_DATASET CONTENT_.
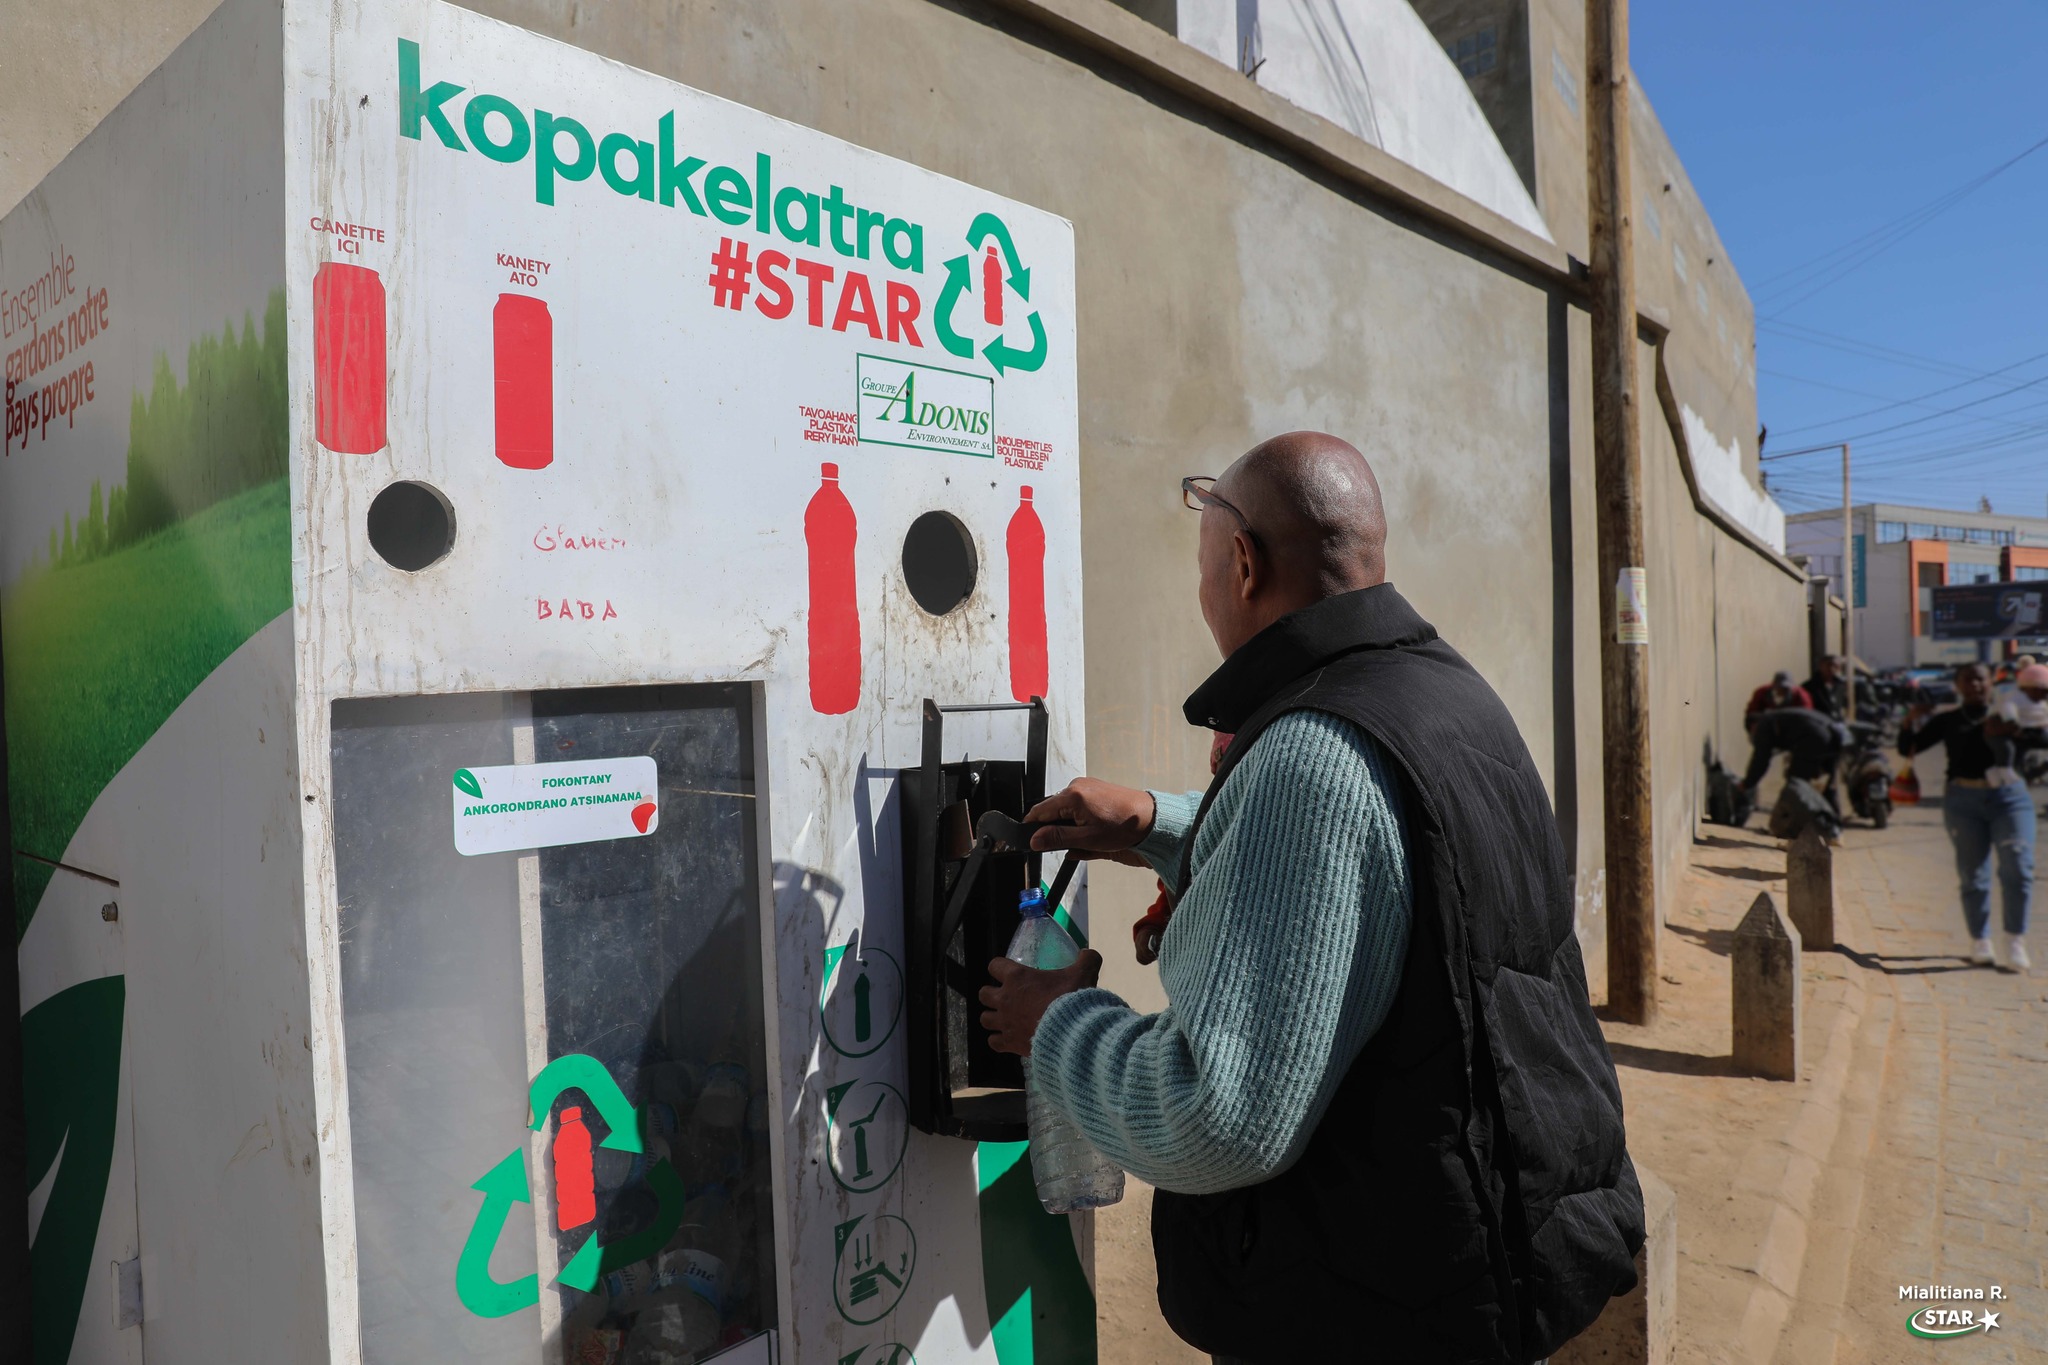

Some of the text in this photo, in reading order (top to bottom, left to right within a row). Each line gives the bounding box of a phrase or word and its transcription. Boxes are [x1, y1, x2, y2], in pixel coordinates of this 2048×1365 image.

[398, 38, 923, 274] kopakelatra
[310, 217, 385, 243] CANETTE
[337, 239, 360, 255] ICI
[496, 253, 551, 275] KANETY
[509, 271, 538, 287] ATO
[1, 244, 76, 341] Ensemble
[708, 236, 924, 347] #STAR
[5, 285, 109, 406] gardons notre
[5, 360, 95, 457] pays propre
[804, 429, 831, 443] IRERY
[809, 419, 856, 435] PLASTIKA
[994, 435, 1053, 453] UNIQUEMENT LES
[996, 445, 1049, 462] BOUTEILLES EN
[1004, 456, 1044, 471] PLASTIQUE
[537, 596, 618, 622] BABA
[542, 773, 612, 789] FOKONTANY
[463, 791, 643, 817] ANKORONDRANO ATSINANANA

_REQUIREMENT_.
Repeat the records above word for word. Pictures stay out of the copy.

_RESPONSE AREA_.
Some of the text in this photo, in reading order (top to bottom, left to right within a row). Each line gives the bounding box of a phrase or word and its transcription. Boxes are [x1, y1, x2, y2], in pixel coordinates of this 2048×1365 image.

[398, 38, 923, 274] kopakelatra
[310, 217, 385, 243] CANETTE
[337, 239, 360, 255] ICI
[496, 253, 551, 275] KANETY
[509, 271, 538, 287] ATO
[1, 244, 76, 341] Ensemble
[708, 236, 924, 347] #STAR
[5, 285, 109, 406] gardons notre
[5, 360, 95, 457] pays propre
[804, 429, 831, 443] IRERY
[809, 419, 856, 435] PLASTIKA
[994, 435, 1053, 453] UNIQUEMENT LES
[996, 445, 1049, 462] BOUTEILLES EN
[1004, 456, 1044, 471] PLASTIQUE
[537, 596, 618, 622] BABA
[542, 773, 612, 789] FOKONTANY
[463, 791, 643, 817] ANKORONDRANO ATSINANANA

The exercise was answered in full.